Wolf reißt erneut Schafe in Gahlen - trotz hoher Umzäunung

Wolf

Zwei Schafe sind am Sonntag in Gahlen gerissen worden, vermutlich von einem Wolf. Der Schäfer hatte nach einem ähnlichen Erlebnis im vergangenen Jahr seine Zäune aufgerüstet.

Schermbeck

, 15.07.2019, 12:02 Uhr / Lesedauer: 1 min
Wolf reißt erneut Schafe in Gahlen - trotz hoher Umzäunung

Zwei Kamerunschafe sind in der Nacht zu Sonntag in Gahlen gerissen worden. © privat

In Hünxe hatte gerade erst am Freitag (12. Juli) ein Schäfer zum fünften Mal Risse zu beklagen. Die Risse am 23. Juni beim Hünxer Schafhalter Kurt Opriel wurden an diesem Tag vom Landesamt für Natur, Umwelt und Verbraucherschutz NRW als Wolfsriss anerkannt.

Am Sonntag lagen zwei Kamerunschafe auf dem Heisterkamp in Gahlen mit Kehlbiss und angefressenen Keulen auf der Weide eines Schafhalters, dessen Tiere bereits 2018 Opfer einer Wolfsattacke wurden. Den äußeren Zaun hat er seitdem mit Wildgatterzaun, Stacheldraht und Elektrolitze aufgerüstet, dazu mit einem Untergrabeschutz.

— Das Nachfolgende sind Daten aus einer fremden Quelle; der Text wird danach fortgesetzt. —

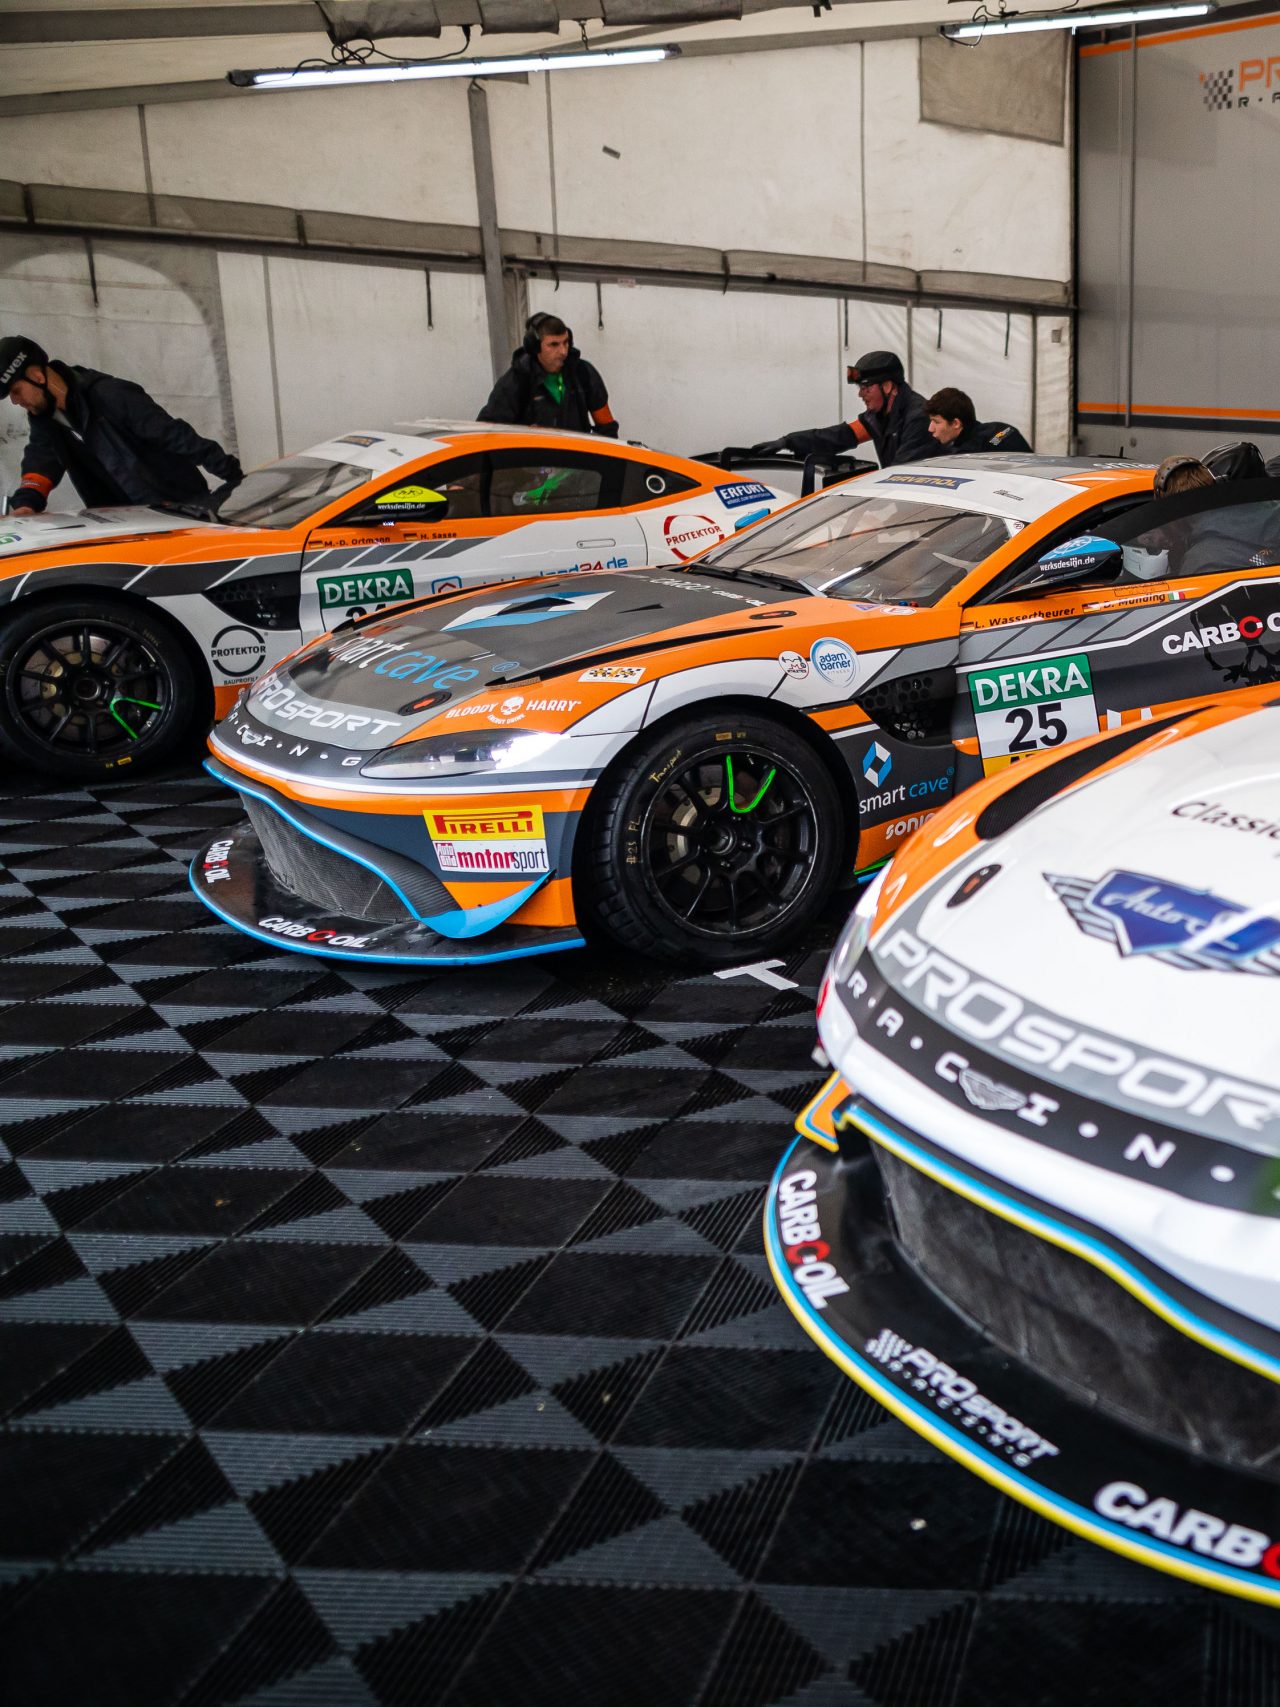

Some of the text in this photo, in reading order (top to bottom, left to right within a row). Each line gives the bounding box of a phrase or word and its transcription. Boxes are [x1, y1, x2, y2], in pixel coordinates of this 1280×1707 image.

Innen gibt es einen 1,20 Meter hohen Elektrozaun und ein Wildgatter.

Wolf reißt erneut Schafe in Gahlen - trotz hoher Umzäunung

© privat

Auf Nachfrage unserer Zeitung sagte Wilhelm Deitermann, Sprecher des LANUV, dass all diese Details von den Wissenschaftlern, die das Monitoring betreiben, aufgenommen werden. Es seien bei Zäunen allerdings viele Merkmale zu überprüfen, etwa auch die Stromstärke und ob überhaupt Strom geflossen sei.

„Ich kann nur um Geduld bitten“, sagte Deitermann zu der Frage, wann mit Ergebnissen zu rechnen sei. Auf die Frage, ob es mittlerweile gesicherte Erkenntnisse gebe, dass Wölfin Gloria wolfssichere Zäune überwunden habe, sagte Deitermann, dass er nicht spekulieren wolle.